11 Items total
Homosexual Death Drive
I’m disinclined to celebrate xmas for all the usual reasons why a pagan, atheist, anarchist, queer, neurodivergent vegetarian would be uninterested in it. The season, with all its family family family, forced jollity, stale sentiment and spend spend spend turns me right off. But I do love a solstice, and the winter one is special because it means that the dread darkness is going to lift at last and I will no longer feel like burning and robbing. I ignore xmas as much as I can and focus on the things I like instead: time without interruptions, narcotic sleep and of course reading and looking at things. Here’s a bunch of books and visual treats that will definitely get you through the season whether or not you’re a grinch like me. Dig in.

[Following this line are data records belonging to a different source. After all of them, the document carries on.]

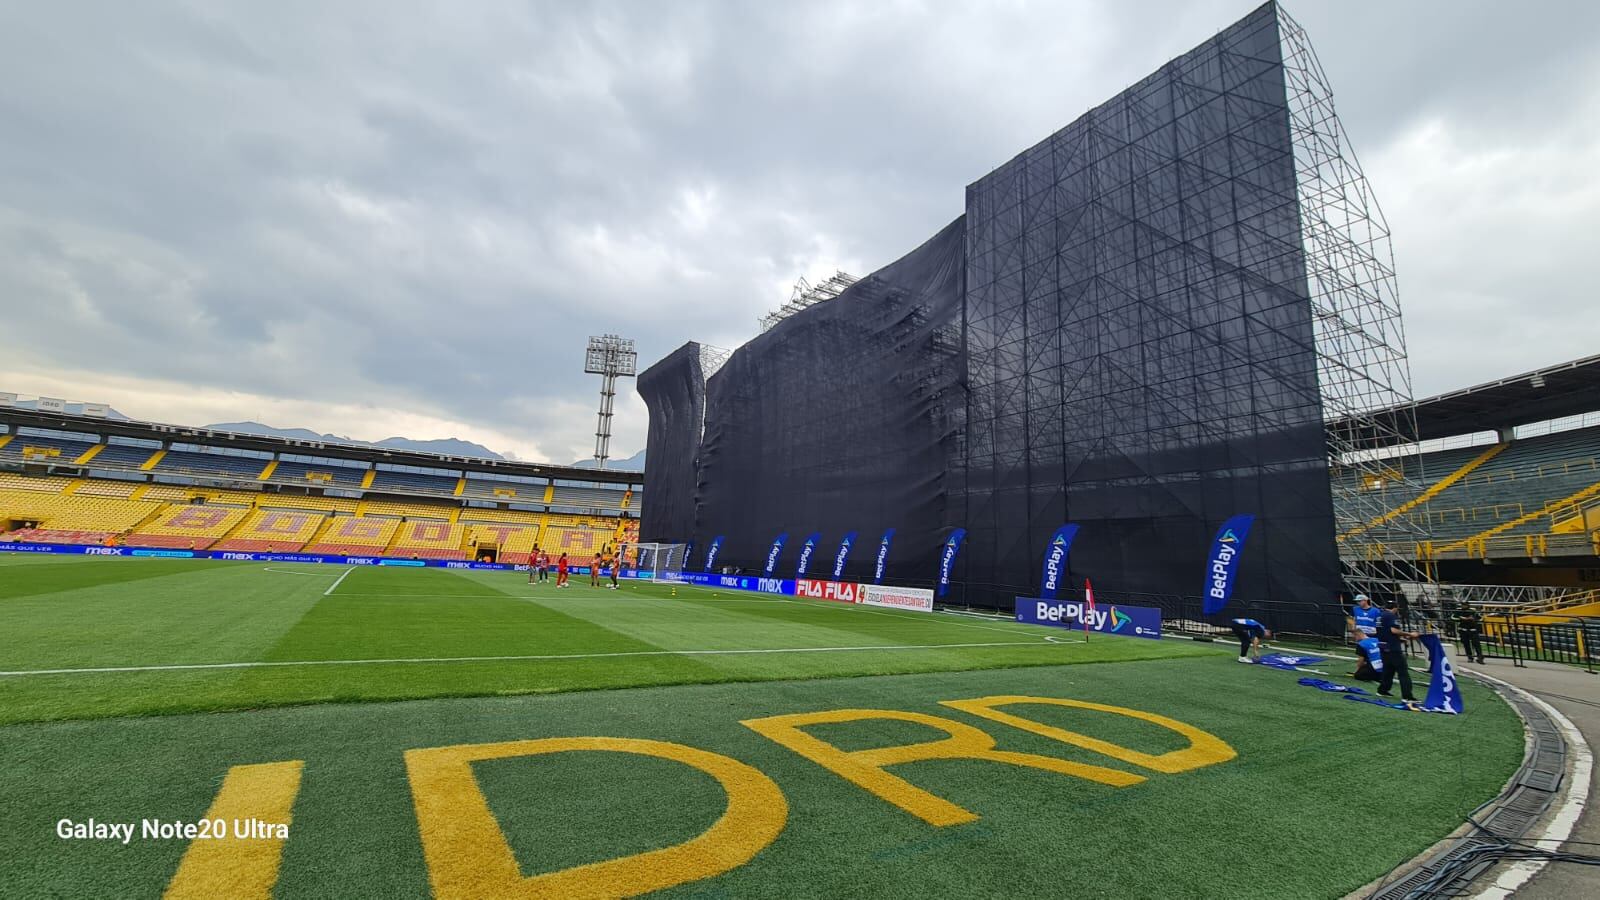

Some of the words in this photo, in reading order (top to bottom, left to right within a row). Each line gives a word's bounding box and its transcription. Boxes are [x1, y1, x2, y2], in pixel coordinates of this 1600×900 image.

[164, 506, 597, 549] BOGOTA
[85, 546, 122, 555] max
[222, 552, 254, 561] max
[346, 557, 374, 565] max
[766, 546, 780, 572] BetPlay
[799, 546, 812, 574] BetPlay
[834, 546, 848, 577] BetPlay
[876, 545, 887, 579] BetPlay
[720, 576, 738, 587] max
[1046, 546, 1064, 590] BetPlay
[1210, 543, 1236, 599] BetPlay
[758, 577, 783, 593] max
[797, 579, 823, 597] FILA
[825, 581, 855, 600] FILA
[1036, 602, 1108, 630] BetPlay
[162, 694, 1238, 900] IDRD
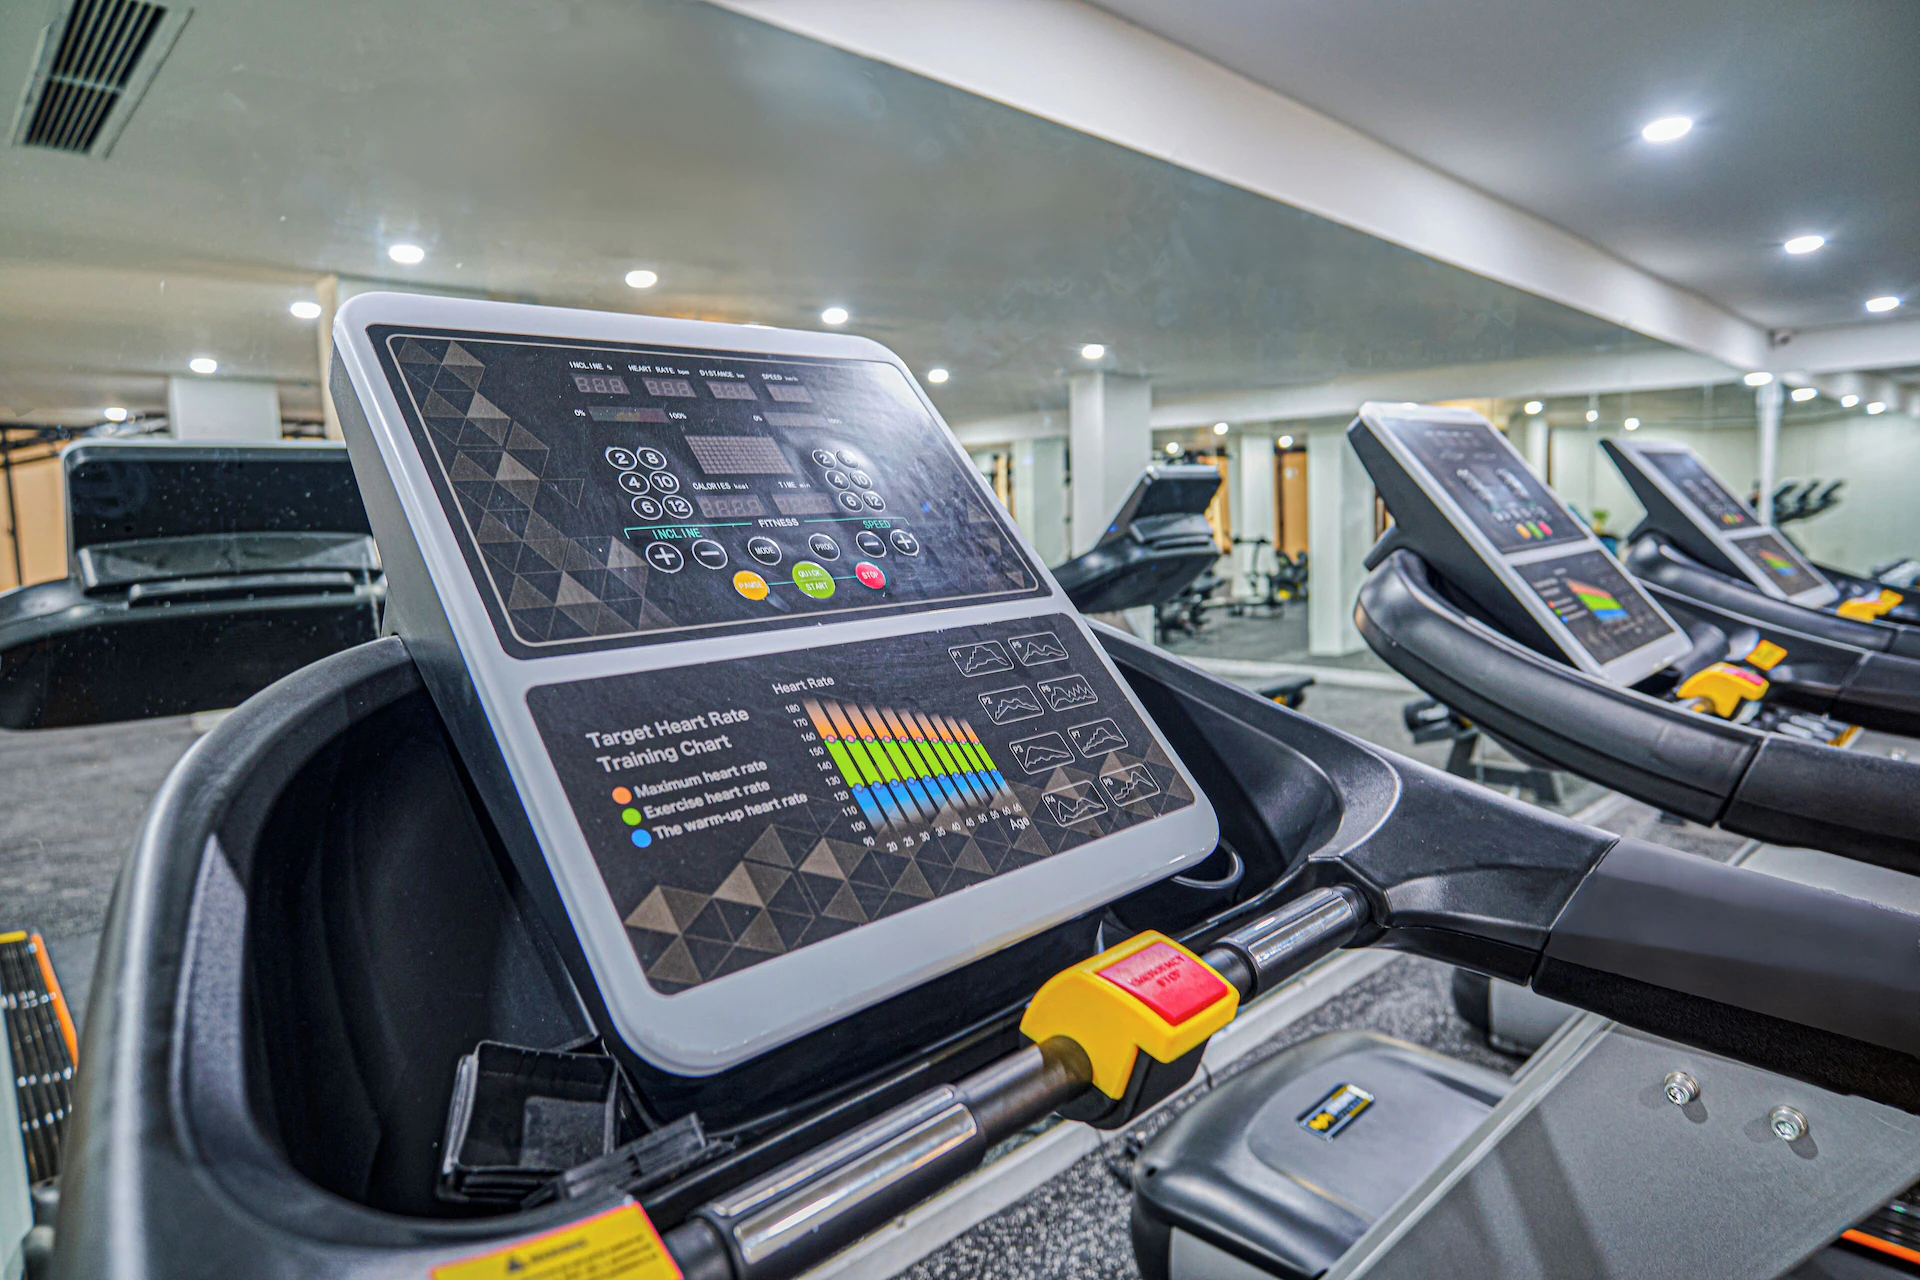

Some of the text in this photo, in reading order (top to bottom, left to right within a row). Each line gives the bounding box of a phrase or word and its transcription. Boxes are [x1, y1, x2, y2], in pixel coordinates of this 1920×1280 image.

[568, 361, 604, 370] INCLINE
[628, 365, 652, 373] HEART
[655, 366, 675, 375] RATE
[699, 369, 734, 378] DISTANCE
[761, 373, 783, 381] SPEED
[574, 409, 586, 417] 0%
[668, 411, 687, 420] 100%
[615, 452, 629, 465] 2
[646, 452, 659, 464] 8
[819, 454, 831, 464] 2
[843, 455, 853, 464] 8
[628, 476, 641, 488] 4
[654, 476, 674, 488] 10
[778, 481, 797, 489] TIME
[834, 475, 844, 485] 4
[852, 475, 868, 485] 10
[692, 482, 732, 490] CALORIES
[846, 497, 856, 506] 6
[866, 496, 882, 506] 12
[641, 501, 654, 514] 6
[667, 500, 689, 513] 12
[756, 518, 800, 528] FITNESS
[863, 520, 891, 529] SPEED
[652, 528, 703, 540] INCLINE
[754, 546, 776, 555] MODE
[815, 543, 834, 551] PROG
[861, 571, 879, 580] STOP
[737, 581, 764, 590] PAUSE
[805, 582, 829, 591] START
[1012, 641, 1022, 649] P5
[952, 650, 962, 658] P1
[771, 676, 835, 695] Heart Rate
[982, 696, 993, 705] P2
[785, 703, 800, 714] 180
[793, 718, 809, 728] 170
[585, 708, 750, 750] Target Heart Rate
[1071, 730, 1081, 738] P7
[801, 732, 816, 742] 160
[596, 734, 733, 773] Training Chart
[809, 746, 825, 757] 150
[1013, 744, 1024, 753] P3
[817, 761, 833, 772] 140
[633, 759, 768, 799] Maximum heart rate
[825, 776, 841, 787] 130
[642, 780, 771, 820] Exercise heart rate
[833, 791, 850, 802] 120
[652, 792, 808, 840] The warm-up heart rate
[842, 806, 858, 817] 110
[851, 821, 867, 833] 100
[886, 803, 1022, 853] 20 25 30 35 40 45 50 55 60 65
[1009, 817, 1030, 831] Age
[863, 835, 876, 847] 90

acts of memory, Monica Ross and Co-Recitors
Monica gave me one of my early forays into live art. This work documents a project about human rights and feminism. Sounds dry, it isn’t. Monica showed that thinking small is a fool’s game. But she made the monumental human-sized because she was brainy, imaginative and had integrity. Hello, that is what live art should be and do.

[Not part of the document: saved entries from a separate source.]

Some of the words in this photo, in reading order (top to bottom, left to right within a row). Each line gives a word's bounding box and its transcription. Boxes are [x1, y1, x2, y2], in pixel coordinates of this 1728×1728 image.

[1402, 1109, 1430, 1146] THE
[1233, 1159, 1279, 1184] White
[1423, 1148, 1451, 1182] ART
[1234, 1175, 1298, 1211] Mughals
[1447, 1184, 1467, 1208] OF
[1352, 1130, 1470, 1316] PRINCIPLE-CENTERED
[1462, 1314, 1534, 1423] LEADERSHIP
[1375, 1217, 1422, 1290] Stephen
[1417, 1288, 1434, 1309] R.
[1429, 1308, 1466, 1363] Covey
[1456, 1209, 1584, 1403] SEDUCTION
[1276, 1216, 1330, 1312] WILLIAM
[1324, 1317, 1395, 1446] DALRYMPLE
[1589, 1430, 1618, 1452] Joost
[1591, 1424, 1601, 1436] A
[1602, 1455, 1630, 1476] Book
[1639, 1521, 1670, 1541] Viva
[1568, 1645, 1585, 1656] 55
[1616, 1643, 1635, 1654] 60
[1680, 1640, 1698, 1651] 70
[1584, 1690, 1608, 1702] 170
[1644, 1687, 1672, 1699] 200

Awkwoods: Daniel Oliver’s Dyspraxic Adventures in Participatory Performance, Ed. Daniel Oliver
Daniel is a total hunk of spunk. He makes messy performances and is into thinking carefully about disability access. He tells good stories. He transforms those things you feel ashamed about: failure, being weird and wrong. He should write more books because this one feels nice in your hands and is easy on the eye.

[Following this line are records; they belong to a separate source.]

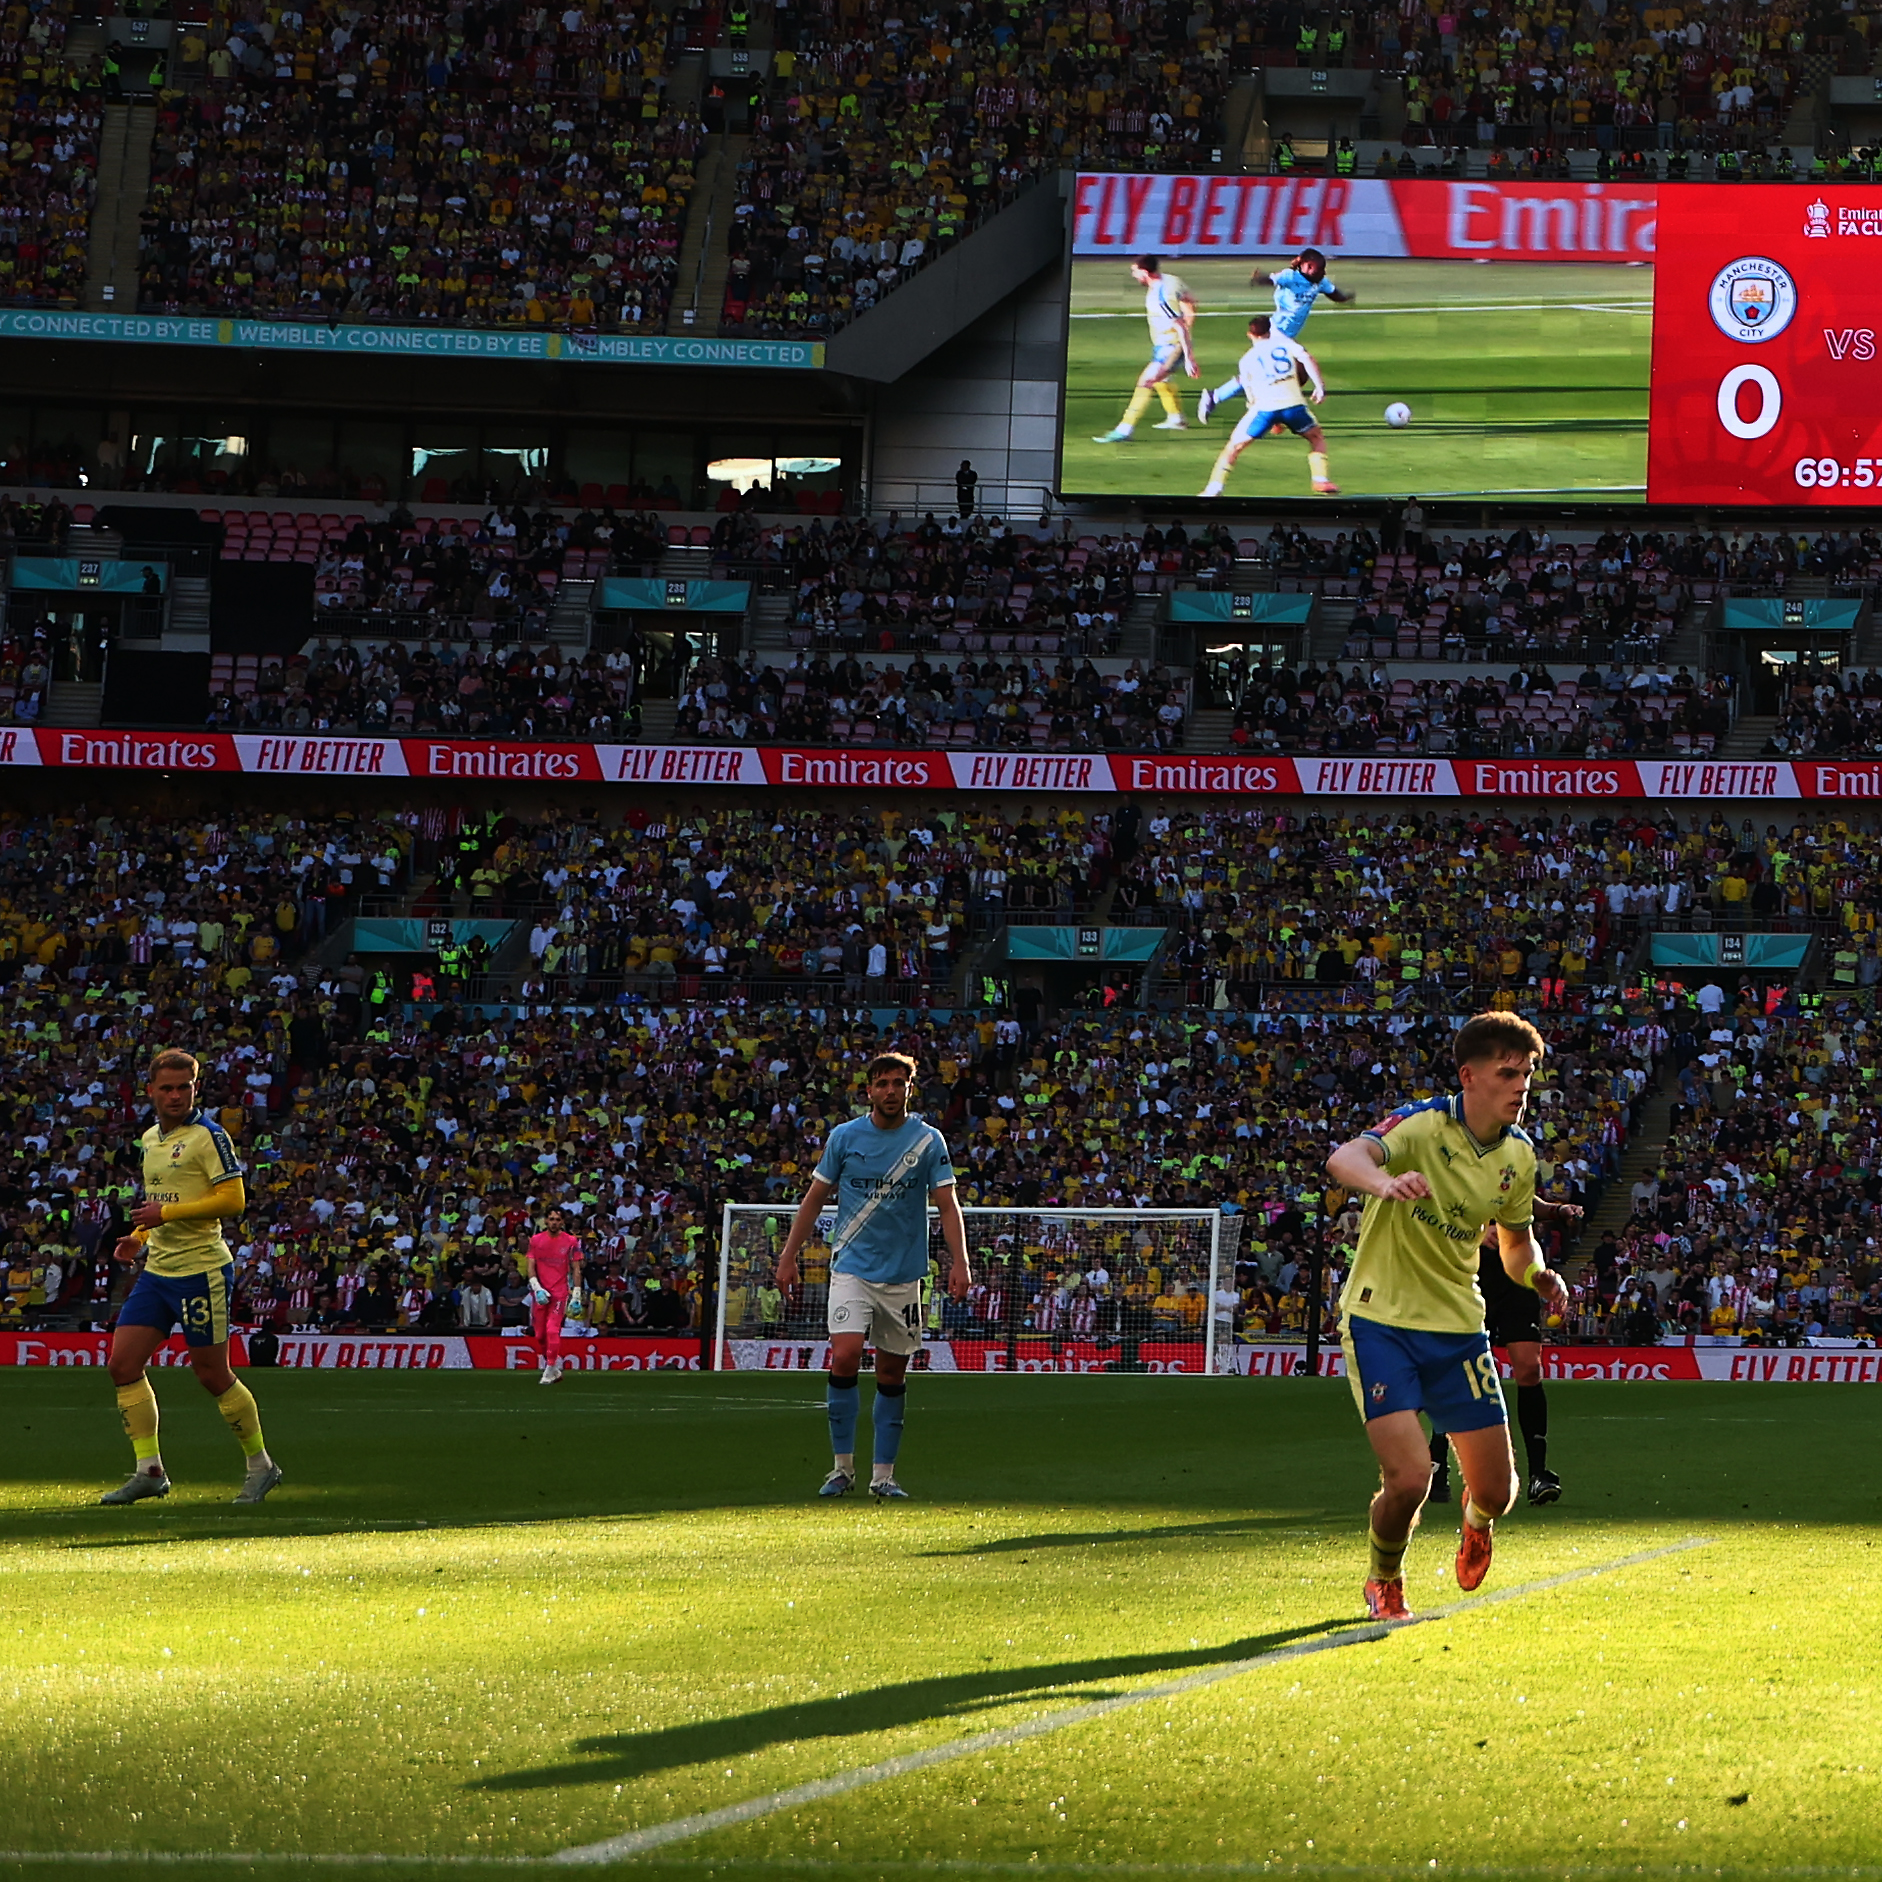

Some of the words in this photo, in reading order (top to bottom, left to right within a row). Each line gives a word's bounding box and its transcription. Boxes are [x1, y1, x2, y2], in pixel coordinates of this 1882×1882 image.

[1073, 175, 1152, 245] FLY
[1160, 176, 1352, 246] BETTER
[1838, 221, 1859, 236] FA
[1718, 262, 1788, 290] MANCHESTER
[13, 315, 150, 336] CONNECTED
[156, 322, 183, 337] BY
[189, 323, 211, 338] EE
[240, 326, 342, 344] WEMBLEY
[348, 331, 482, 350] CONNECTED
[487, 336, 513, 351] BY
[519, 338, 541, 352] EE
[674, 343, 804, 362] CONNECTED
[1739, 328, 1764, 338] CITY
[1824, 328, 1876, 360] VS
[1717, 364, 1782, 440] 0
[62, 734, 215, 767] Emirates
[257, 739, 297, 770] FLY
[299, 741, 385, 772] BETTER
[430, 745, 578, 777] Emirates
[618, 749, 658, 780] FLY
[661, 750, 743, 781] BETTER
[1133, 760, 1276, 790] Emirates
[1317, 762, 1354, 792] FLY
[1357, 762, 1437, 793] BETTER
[1476, 765, 1618, 793] Emirates
[1659, 765, 1696, 795] FLY
[1699, 765, 1778, 795] BETTER
[431, 923, 447, 934] 132
[1081, 931, 1097, 942] 133
[1724, 937, 1741, 948] 134
[850, 1177, 919, 1190] ETIHAD
[181, 1295, 211, 1327] 13
[902, 1302, 920, 1329] 14
[278, 1342, 329, 1367] FLY
[337, 1343, 446, 1368] BETTER
[1731, 1355, 1779, 1381] FLY
[1463, 1351, 1500, 1401] 18

Bad Reputation: Performances, Essays, Interviews, Penny Arcade
Penny is from a time when queers were not assimilated, commodified or gentrified. Yes, that time did exist once and it wasn’t long ago. For obvious homosexual reasons I am really drawn to tough women and Penny is one of the greats. Get with it and read her shit, you will feel better about being alive in these hellish times.
Bite The Hand That Feeds! The Disabled Avant-Garde
The DAG were a rotten pair who spent their time upsetting normal people for shits and giggles. Piss-takers extraordinaire. I almost have no words for them, I mean, how the fuck did they get away with it all? Some mysterious crip power, must have been. Here’s a load of their greatest hits.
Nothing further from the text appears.